## Data for analysis
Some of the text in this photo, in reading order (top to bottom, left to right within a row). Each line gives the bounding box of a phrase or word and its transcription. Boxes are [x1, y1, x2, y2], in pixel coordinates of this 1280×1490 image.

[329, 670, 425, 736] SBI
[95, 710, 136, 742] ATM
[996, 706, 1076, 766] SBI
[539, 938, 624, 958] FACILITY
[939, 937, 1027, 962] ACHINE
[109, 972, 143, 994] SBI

## Exercise prompt
Return the complete material exactly as it reads.

## Output of the exercise
Some of the text in this photo, in reading order (top to bottom, left to right within a row). Each line gives the bounding box of a phrase or word and its transcription. Boxes are [x1, y1, x2, y2], in pixel coordinates of this 1280×1490 image.

[329, 670, 425, 736] SBI
[95, 710, 136, 742] ATM
[996, 706, 1076, 766] SBI
[539, 938, 624, 958] FACILITY
[939, 937, 1027, 962] ACHINE
[109, 972, 143, 994] SBI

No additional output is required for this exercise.